[Entries taken from a collection]

↓

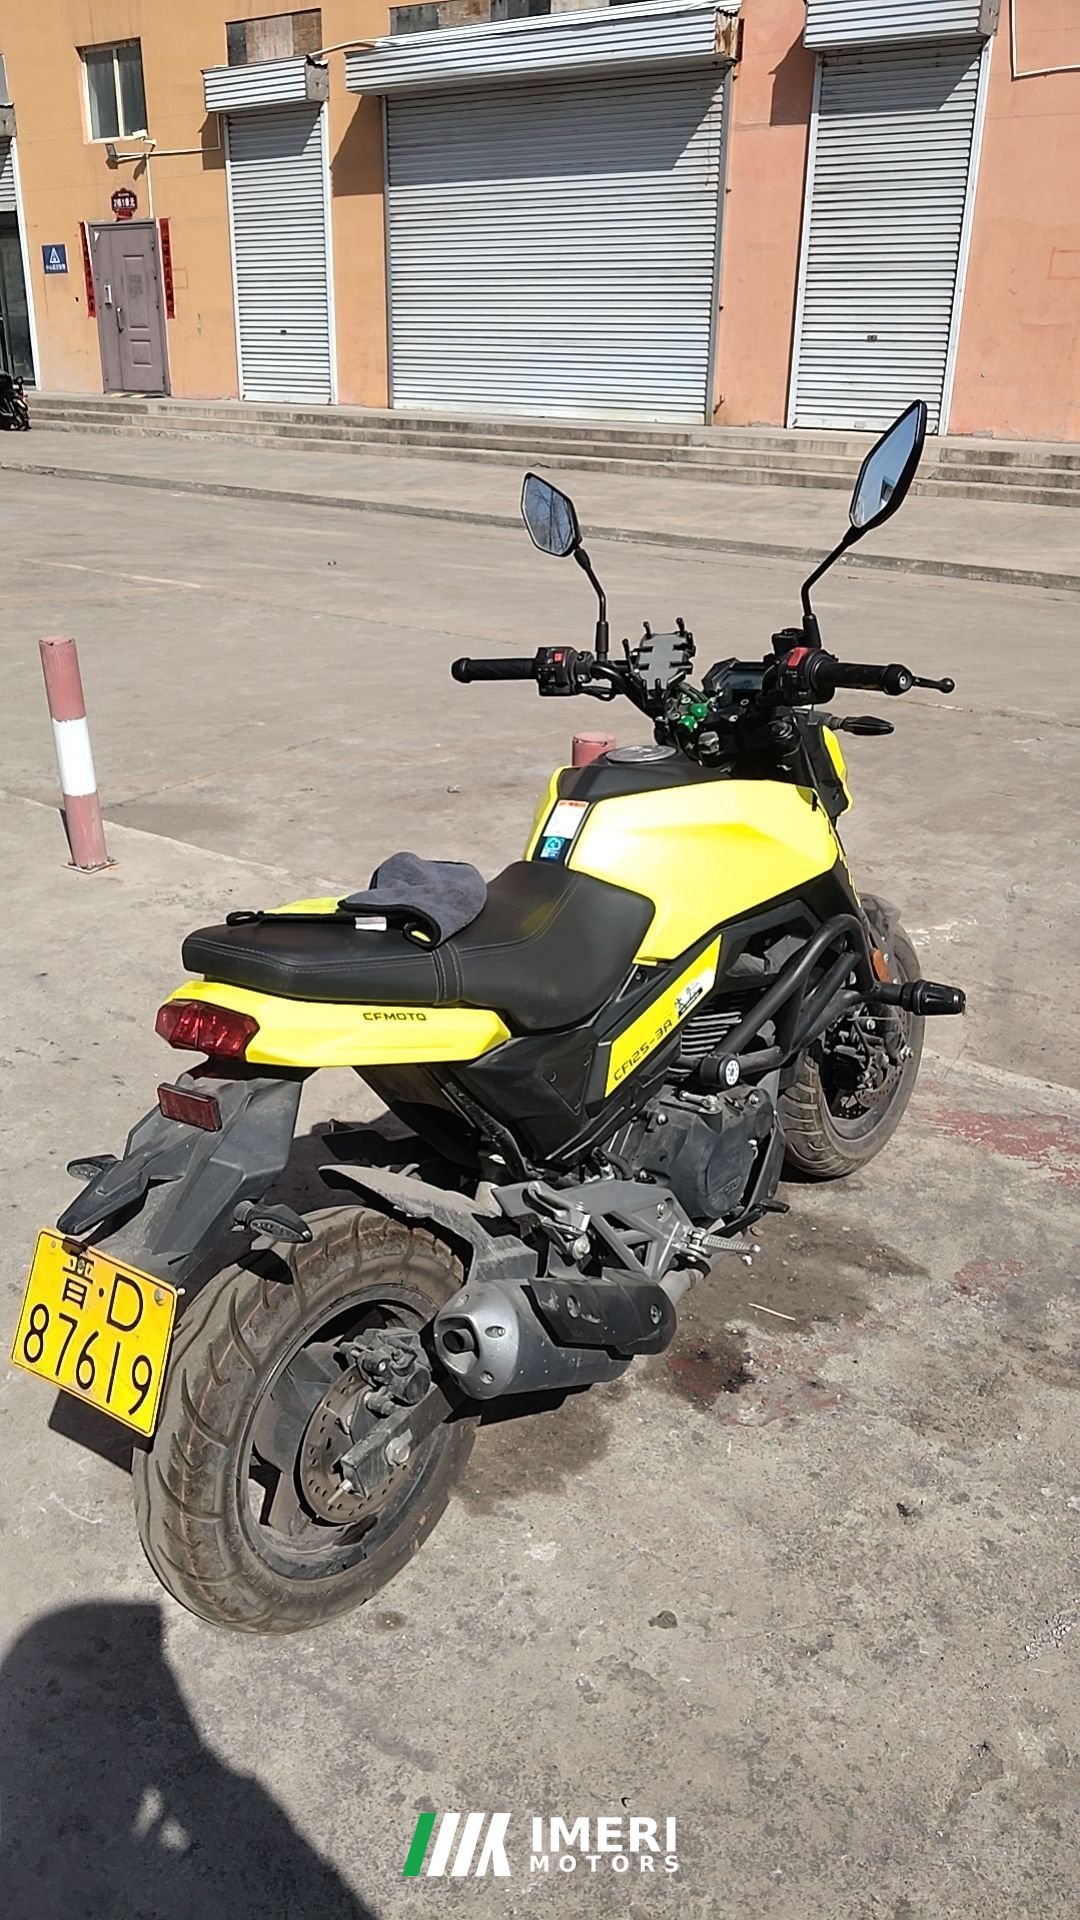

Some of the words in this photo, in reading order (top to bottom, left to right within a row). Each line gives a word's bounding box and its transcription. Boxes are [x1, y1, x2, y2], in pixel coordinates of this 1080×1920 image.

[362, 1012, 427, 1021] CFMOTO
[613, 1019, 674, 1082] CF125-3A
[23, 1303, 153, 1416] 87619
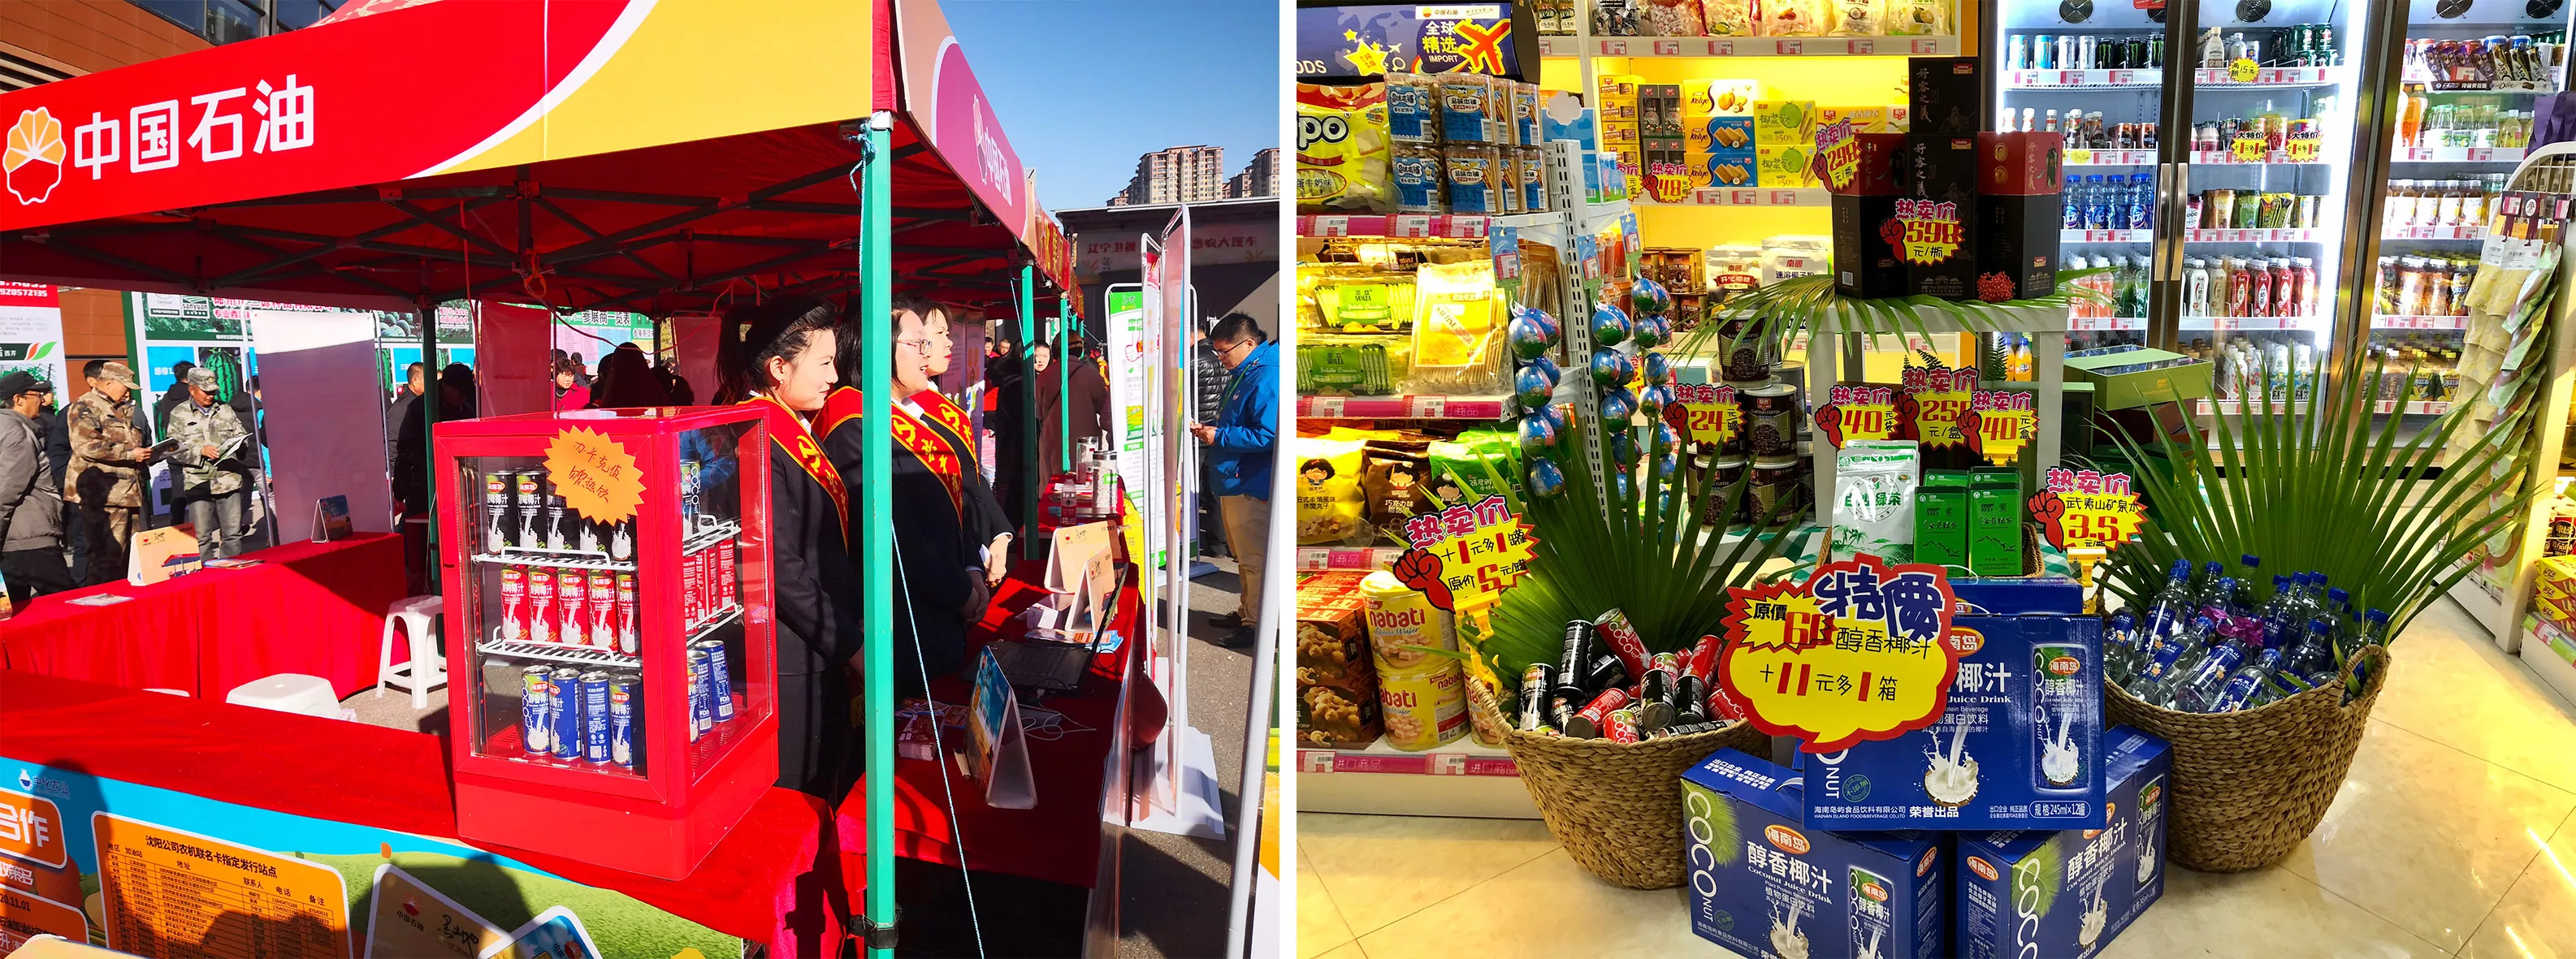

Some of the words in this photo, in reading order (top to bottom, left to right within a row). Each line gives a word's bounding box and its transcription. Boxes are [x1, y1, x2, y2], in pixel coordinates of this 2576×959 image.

↑

§ **What needs to be done**: Word for word, set down each record shown above, omitting the pictures.

§ **Task solution**:
Some of the words in this photo, in reading order (top to bottom, left to right within a row). Each line gives a word's bounding box and its transcription. Boxes are [x1, y1, x2, y2], in pixel coordinates of this 1080×1920 image.

[362, 1012, 427, 1021] CFMOTO
[613, 1019, 674, 1082] CF125-3A
[23, 1303, 153, 1416] 87619

Some of the words in this photo, in reading order (top to bottom, left to right within a row). Each line gives a word's bounding box and its transcription. Boxes are [x1, y1, x2, y2], in pixel coordinates of this 2576×959 image.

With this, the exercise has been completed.